After the collapse of Austria-Hungary on 28 October 1918, the Polish Liquidation Committee was formed in Kraków to organize Polish military and administrative structures in Galicia. On 1 November 1918, the Governing Council and Garrison Command were created in Przemyśl to begin organizing Polish military forces and administration. In the barracks of the former Austro-Hungarian 45th Infantry Regiment, scattered military units were gathered, forming the foundation for the 37th Infantry Regiment. The first commander of the regiment was Lieutenant Leon Kazubski, who had been released from a local prison on 3 November 1918. He became the commander of Polish forces and the garrison of Przemyśl on 5 November 1918.

By 7 November 1918, an infantry regiment was established in Przemyśl, which was renamed the 18th Rifle Regiment on November 9. The battalion commanders at that time were: 1st Battalion – Second Lieutenant Zając, 2nd Battalion – Second Lieutenant Dudziński, 3rd Battalion – Marian Doskowski. The regiment gained its first combat experience during clashes with Ukrainian forces from 9 to 11 November 1918 in the Zasań district of Przemyśl. On November 13, the regiment was renamed the 10th Infantry Regiment.

In November 1918, the regiment's reserve battalion, formerly part of the Austro-Hungarian 10th Infantry Regiment, was commanded by Captain Wilhelm Zwonarz, who was appointed as the temporary commander of the "Children of Przemyśl" 10th Infantry Regiment. On 30 November, Lieutenant Kazubski was replaced by Lieutenant Colonel Adam Jaroszewski as the commander of the regiment.

Part of the regiment fought to open the road to the besieged Lviv as part of Colonel Michał Tokarzewski-Karaszewicz's group, while the rest engaged in combat near Nyzhankovychi, Siedliska, Medyka, and Khyriv. The regiment captured Stodółki, Uhry, Czerlany, and Velykyi Liubin. It also held Horodok and defended the Lviv-Przemyśl railway line from Ukrainian forces.

On 25 February 1919, the regiment was renamed the 37th Infantry Regiment. In the spring of 1919, the regiment captured Sambir and Drohobych and participated in the conquest of Stanyslaviv. From 13 to 16 June 1919, it defended crossings over the Dniester river.

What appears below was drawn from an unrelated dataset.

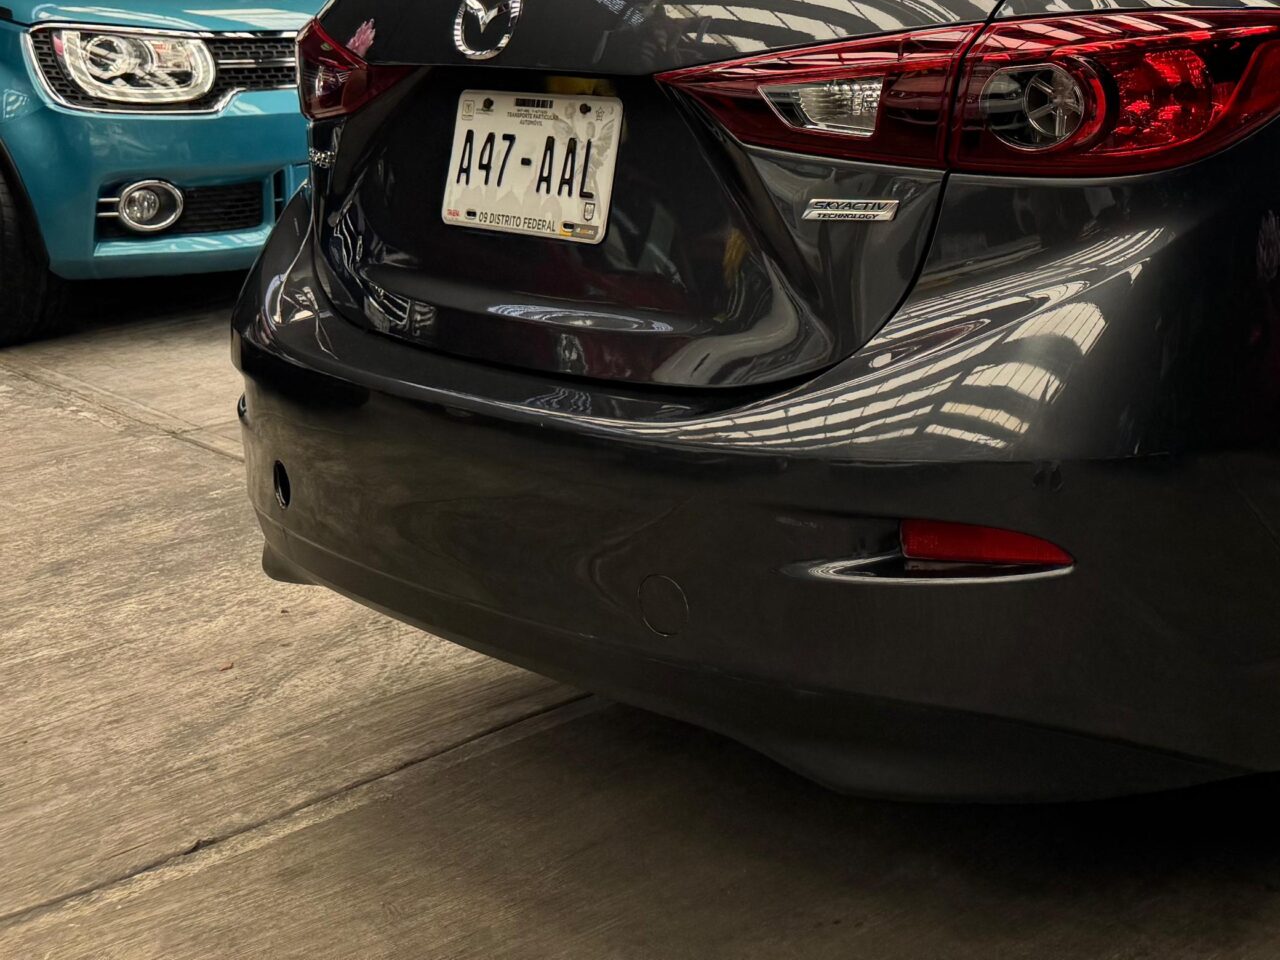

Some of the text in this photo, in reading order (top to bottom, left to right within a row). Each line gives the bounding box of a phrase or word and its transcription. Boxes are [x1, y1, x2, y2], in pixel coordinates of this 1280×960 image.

[457, 130, 595, 198] A47-AAL
[813, 201, 889, 210] SKYACTIV
[479, 212, 556, 232] 09 DISTRITO FEDERAL

From June 28, the regiment fought along the Zbruch river, and in July 1919, it was transferred to the Volhynian front, where it battled Ukrainian units. From August 5, the regiment took on a defensive role. On 3 April 1920, Major Józef Kuś became the commander of the 37th Infantry Regiment.

In December 1919, the regiment's reserve battalion was stationed in Łęczyca.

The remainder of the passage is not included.